▶ **TO DO**
Read the lines below, and copy any that contain the string "Михал".

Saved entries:

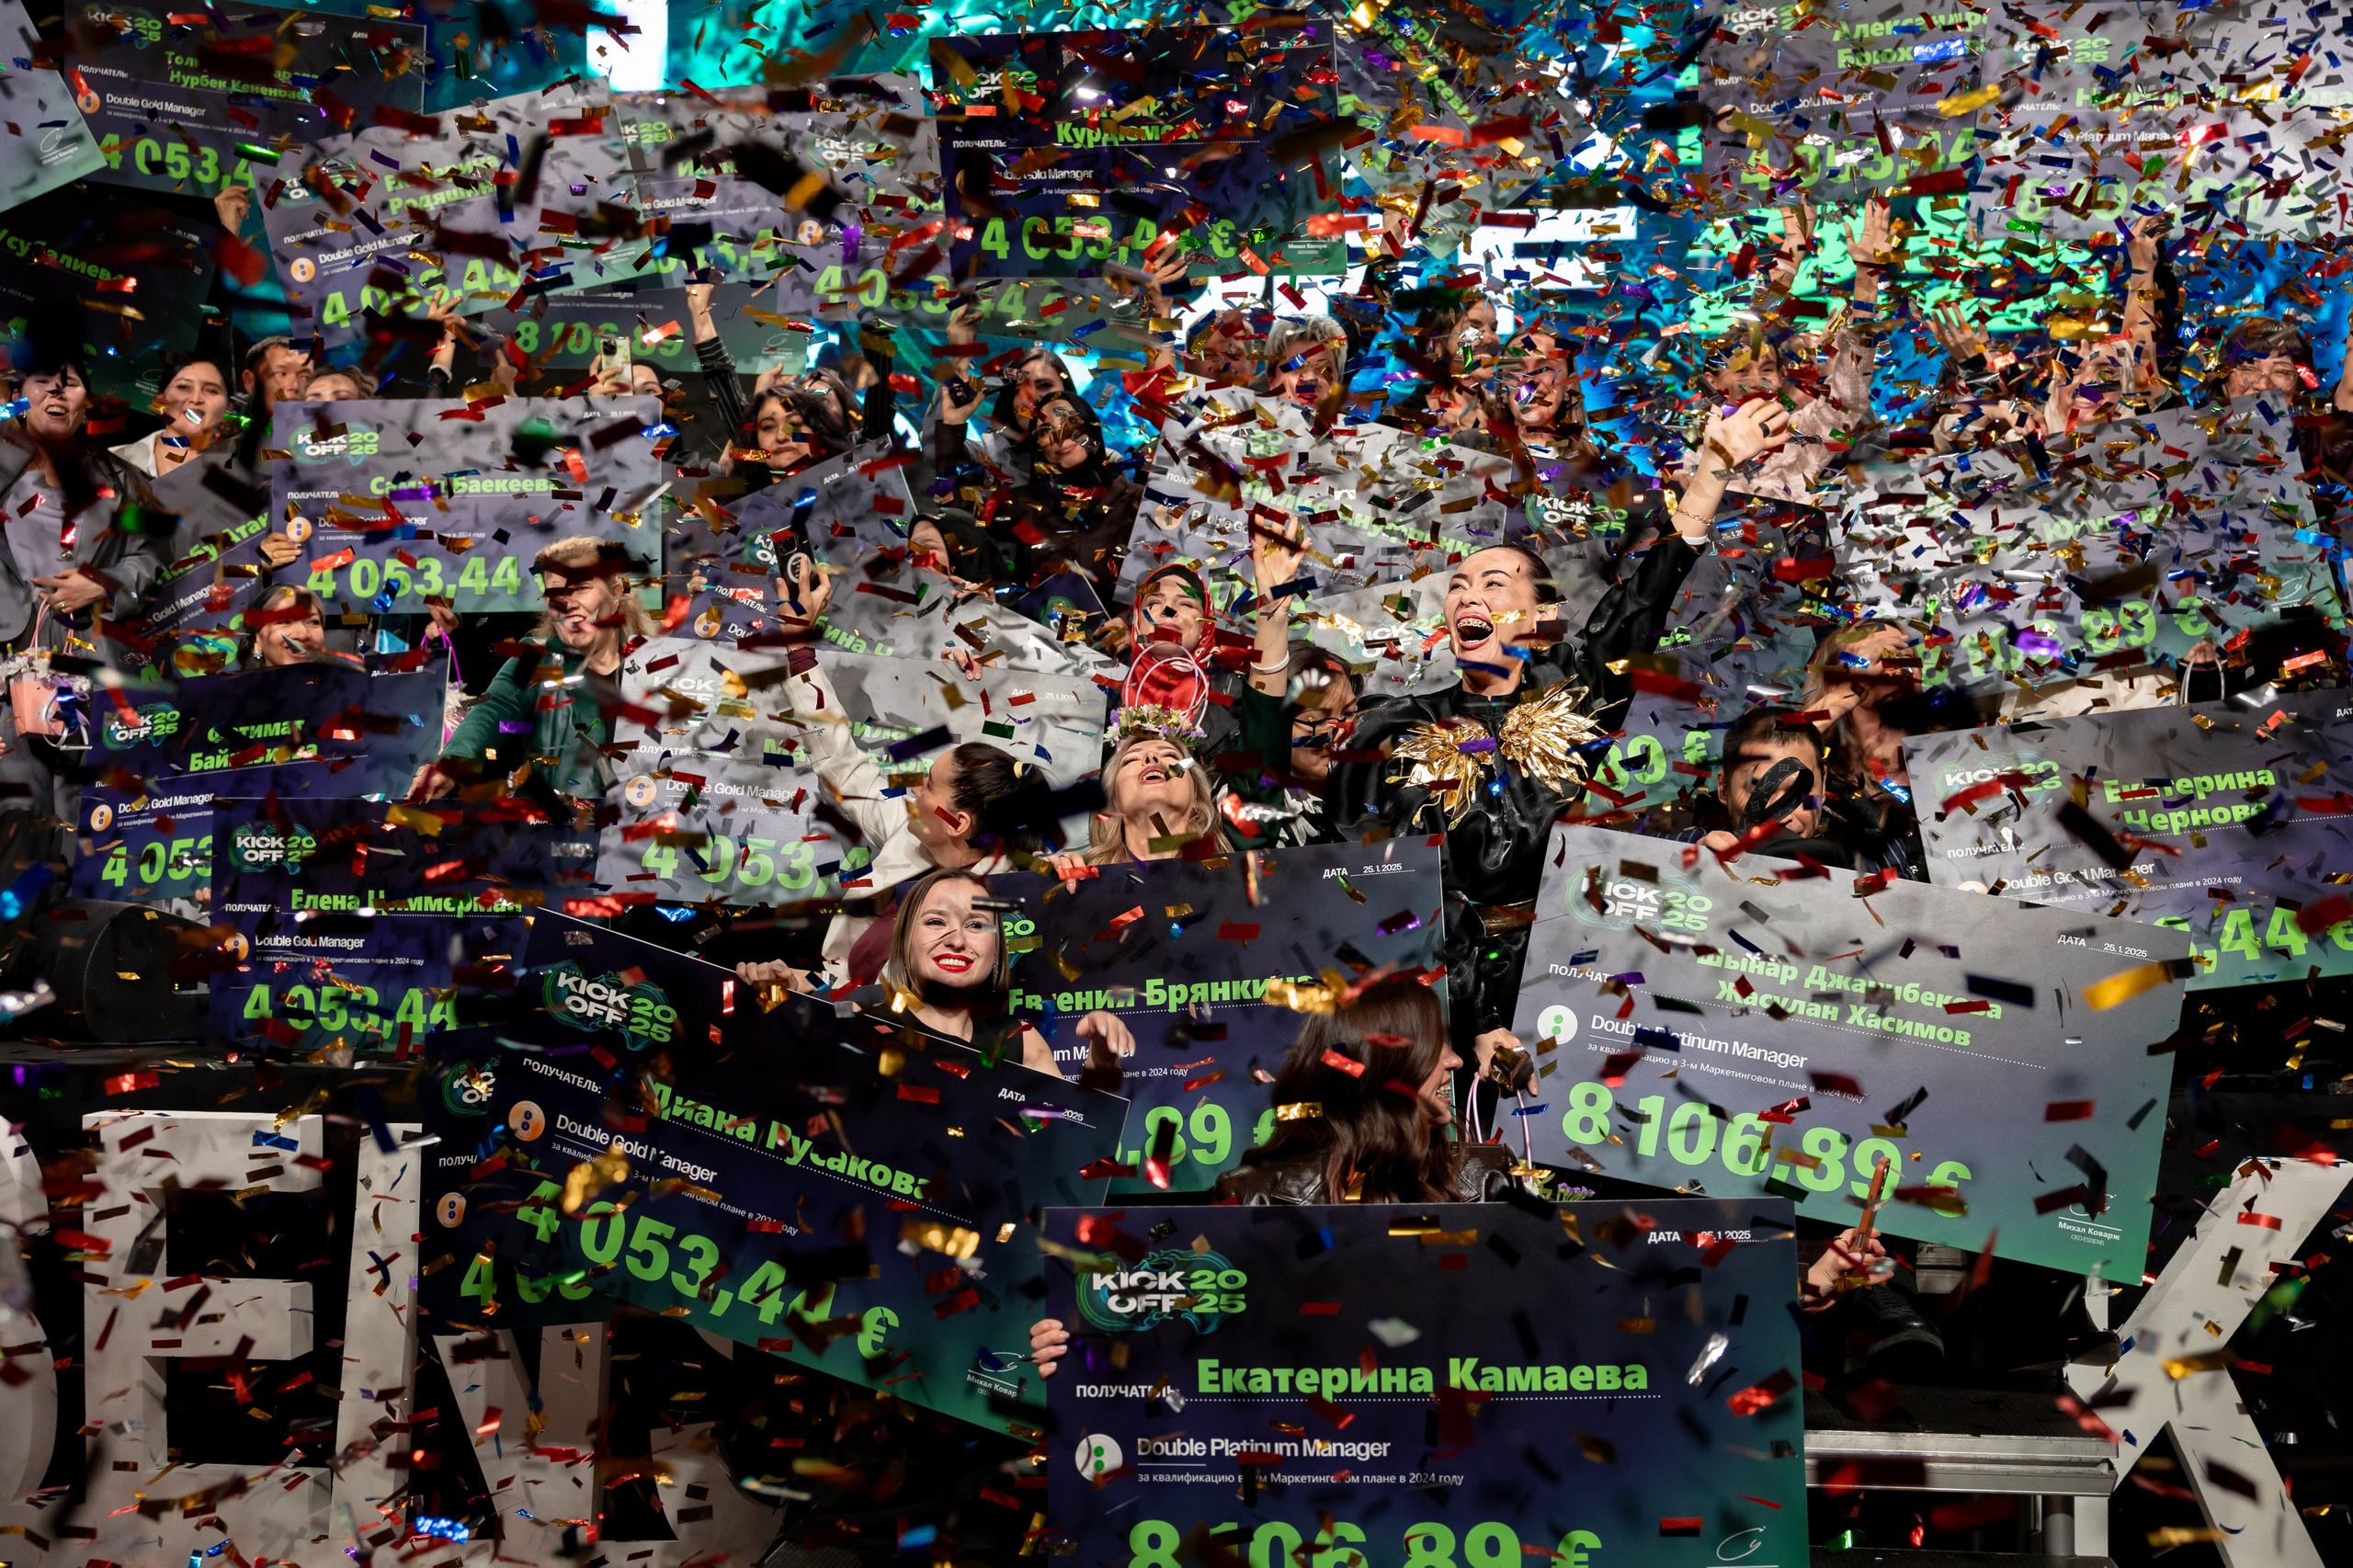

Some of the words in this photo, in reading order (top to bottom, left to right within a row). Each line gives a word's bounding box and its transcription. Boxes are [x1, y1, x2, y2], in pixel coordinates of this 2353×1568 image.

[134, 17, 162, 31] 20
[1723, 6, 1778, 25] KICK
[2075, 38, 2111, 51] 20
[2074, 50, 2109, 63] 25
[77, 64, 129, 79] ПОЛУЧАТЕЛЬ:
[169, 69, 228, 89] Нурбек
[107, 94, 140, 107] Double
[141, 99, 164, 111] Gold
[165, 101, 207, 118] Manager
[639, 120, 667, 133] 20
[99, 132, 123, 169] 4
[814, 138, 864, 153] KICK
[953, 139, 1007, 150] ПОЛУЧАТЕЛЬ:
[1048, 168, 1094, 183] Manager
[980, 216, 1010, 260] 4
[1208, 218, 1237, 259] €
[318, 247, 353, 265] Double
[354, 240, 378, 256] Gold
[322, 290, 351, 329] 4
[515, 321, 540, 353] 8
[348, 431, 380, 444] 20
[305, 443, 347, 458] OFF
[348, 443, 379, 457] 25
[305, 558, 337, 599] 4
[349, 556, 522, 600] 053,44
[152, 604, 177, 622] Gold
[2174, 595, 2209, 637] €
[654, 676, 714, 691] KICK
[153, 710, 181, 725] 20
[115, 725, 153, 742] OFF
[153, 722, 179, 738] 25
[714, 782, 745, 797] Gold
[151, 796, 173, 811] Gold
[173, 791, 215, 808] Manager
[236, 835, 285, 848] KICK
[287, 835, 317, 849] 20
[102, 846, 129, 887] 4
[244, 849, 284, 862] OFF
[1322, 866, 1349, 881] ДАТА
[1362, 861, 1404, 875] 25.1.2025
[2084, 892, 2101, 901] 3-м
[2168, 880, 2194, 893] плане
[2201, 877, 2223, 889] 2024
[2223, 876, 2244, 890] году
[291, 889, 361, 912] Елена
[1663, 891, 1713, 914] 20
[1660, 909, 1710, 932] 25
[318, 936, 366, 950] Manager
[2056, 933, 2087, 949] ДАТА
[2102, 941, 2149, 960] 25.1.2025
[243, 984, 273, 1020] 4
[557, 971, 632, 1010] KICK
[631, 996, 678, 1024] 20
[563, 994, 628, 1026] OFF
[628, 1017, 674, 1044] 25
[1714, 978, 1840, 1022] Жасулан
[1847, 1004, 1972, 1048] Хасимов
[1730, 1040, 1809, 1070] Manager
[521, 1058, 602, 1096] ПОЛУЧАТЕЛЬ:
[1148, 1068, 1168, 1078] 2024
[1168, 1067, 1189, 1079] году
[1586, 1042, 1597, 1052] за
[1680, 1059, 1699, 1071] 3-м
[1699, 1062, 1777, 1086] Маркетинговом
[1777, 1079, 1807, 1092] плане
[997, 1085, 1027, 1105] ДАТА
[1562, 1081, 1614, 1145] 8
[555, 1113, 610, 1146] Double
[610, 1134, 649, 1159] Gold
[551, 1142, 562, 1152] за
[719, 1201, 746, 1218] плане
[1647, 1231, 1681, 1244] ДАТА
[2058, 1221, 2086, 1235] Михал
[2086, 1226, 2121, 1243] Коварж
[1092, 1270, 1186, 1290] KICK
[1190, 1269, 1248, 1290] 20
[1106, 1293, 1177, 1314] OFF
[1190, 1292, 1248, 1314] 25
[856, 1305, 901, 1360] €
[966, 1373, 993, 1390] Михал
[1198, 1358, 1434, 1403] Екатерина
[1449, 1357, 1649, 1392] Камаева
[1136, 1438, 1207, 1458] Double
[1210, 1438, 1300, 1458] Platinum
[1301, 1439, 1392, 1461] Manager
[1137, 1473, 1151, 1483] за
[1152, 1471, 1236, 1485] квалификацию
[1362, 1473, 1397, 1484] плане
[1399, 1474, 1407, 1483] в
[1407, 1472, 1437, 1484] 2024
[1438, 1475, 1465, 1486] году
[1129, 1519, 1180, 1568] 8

▶ **ANSWER SECTION**
[2058, 1221, 2086, 1235] Михал
[966, 1373, 993, 1390] Михал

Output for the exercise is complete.